Jakarta, 10 November 2025 – Klausul Force Majeure (FM) merupakan salah satu klausul penyelamat dalam kontrak bisnis, yang bertujuan melindungi para pihak dari konsekuensi wanprestasi akibat kejadian di luar kendali mereka. Pasca guncangan hebat Pandemi COVID-19 dan gejolak ekonomi-politik global (seperti krisis rantai pasok dan inflasi energi), formulasi klausul FM harus bergeser dari sekadar boilerplate (standar/klasik) menjadi adaptif dan terperinci.
1. Dasar Hukum dan Kelemahan Aturan Klasik
Secara hukum perikatan di Indonesia, FM diatur dalam Pasal 1244 dan Pasal 1245 Kitab Undang-Undang Hukum Perdata (KUH Perdata).
- Prinsip Hukum: Debitur dibebaskan dari kewajiban mengganti kerugian jika terbukti wanprestasi terjadi karena suatu kejadian yang tidak terduga, tidak dapat dicegah, dan tidak dapat dipertanggungjawabkan kepadanya.
- Kelemahan Klasik: KUH Perdata tidak merinci apa saja yang termasuk FM. Klausul kontrak lama umumnya hanya mencantumkan daftar baku seperti “perang, bencana alam, kebakaran, dan epidemi.” Pandemi membuktikan daftar ini tidak memadai karena banyak pihak bersengketa apakah lockdown atau krisis rantai pasok termasuk FM.
2. Pentingnya Spesifisitas Pasca-Pandemi
Klausul FM yang jelas sangat penting untuk memberikan kepastian hukum dan mengurangi arbitrase/litigasi yang mahal. Klausul harus merespons risiko-risiko yang kini menjadi endemik dalam bisnis global:
| Risiko Bisnis Baru | Kebutuhan Dalam Klausul FM |
| Gangguan Rantai Pasok | Mencantumkan secara eksplisit “kegagalan pemasok tunggal” atau “gangguan pelabuhan/logistik global” sebagai FM. |
| Perubahan Regulasi Mendadak | Mencakup “perubahan kebijakan ekspor/impor”, “sanksi dagang/ekonomi baru”, atau “larangan bepergian/kegiatan usaha mendadak oleh pemerintah”. |
| Krisis Kesehatan Global | Menggunakan istilah yang lebih luas dari ‘epidemi’, yaitu “Pandemi yang ditetapkan oleh otoritas kesehatan global (WHO)” beserta kebijakan pembatasan sosial terkait. |
| Krisis Geopolitik | Mencakup “perang/konflik di negara pemasok utama” atau “embargo internasional” yang menghambat pengiriman. |
3. Merumuskan Konsekuensi yang Adaptif (Beyond Termination)
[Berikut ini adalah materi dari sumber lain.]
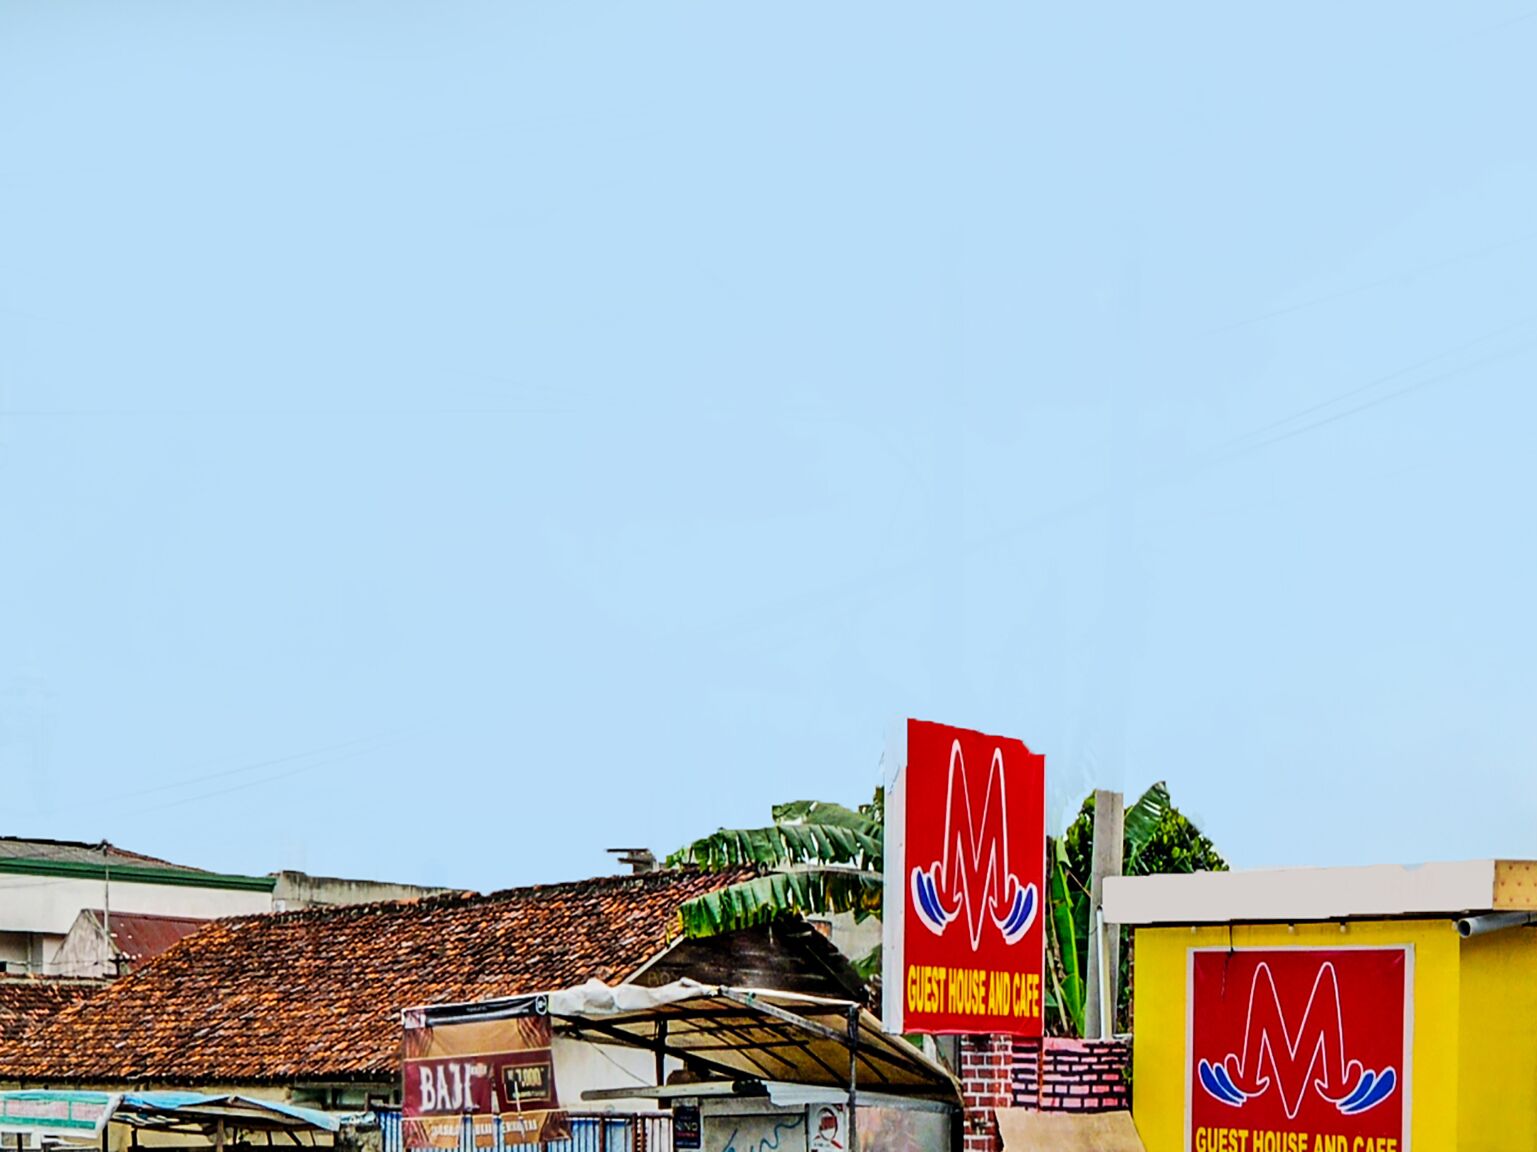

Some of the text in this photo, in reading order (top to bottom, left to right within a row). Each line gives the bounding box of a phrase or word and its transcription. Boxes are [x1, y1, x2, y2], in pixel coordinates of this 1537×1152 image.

Klausul yang baik tidak hanya menetapkan kapan FM terjadi, tetapi juga apa yang harus dilakukan selanjutnya. Kontrak harus menyediakan solusi bertingkat:
| Langkah Adaptasi | Penjelasan |
| Kewajiban Mitigasi | Pihak yang terdampak wajib menunjukkan upaya sungguh-sungguh (reasonable efforts) untuk meminimalkan dampak FM, misalnya mencari pemasok alternatif atau menggunakan transportasi yang berbeda. |
| Penangguhan Jadwal | Menetapkan durasi penangguhan yang jelas (misalnya maksimal 90 hari) dan prosedur formal untuk memperpanjang penangguhan tersebut. |
| Klausul Hardship (Kesulitan) | Memicu renegosiasi jika FM membuat pelaksanaan kontrak menjadi sangat merugikan (onerous)—meskipun belum mustahil. Contoh: Biaya operasional naik 200% akibat inflasi energi. |
| Terminasi Permanen | Kontrak baru bisa diakhiri jika FM berlangsung melebihi batas waktu tertentu (misalnya, lebih dari 120 hari), memberikan waktu yang cukup bagi kedua pihak untuk beradaptasi. |
4. Jaminan Prosedur dan Bukti
Klausul FM yang kuat harus menyertakan prosedur notifikasi dan pembuktian yang ketat. Pihak yang mengklaim FM wajib:
- Memberikan pemberitahuan tertulis dalam jangka waktu singkat (misal, 5 hari kerja) sejak kejadian.
- Menyertakan bukti-bukti objektif dari otoritas resmi (misalnya, surat edaran pemerintah, pengumuman WHO, atau laporan bank terkait fluktuasi mata uang) yang membenarkan klaim tersebut.
Dengan demikian, klausul Force Majeure bertransformasi dari sekadar pembelaan hukum menjadi mekanisme manajemen risiko kolaboratif yang memastikan kelangsungan hubungan bisnis, bukan pemutus hubungan, di tengah ketidakpastian global.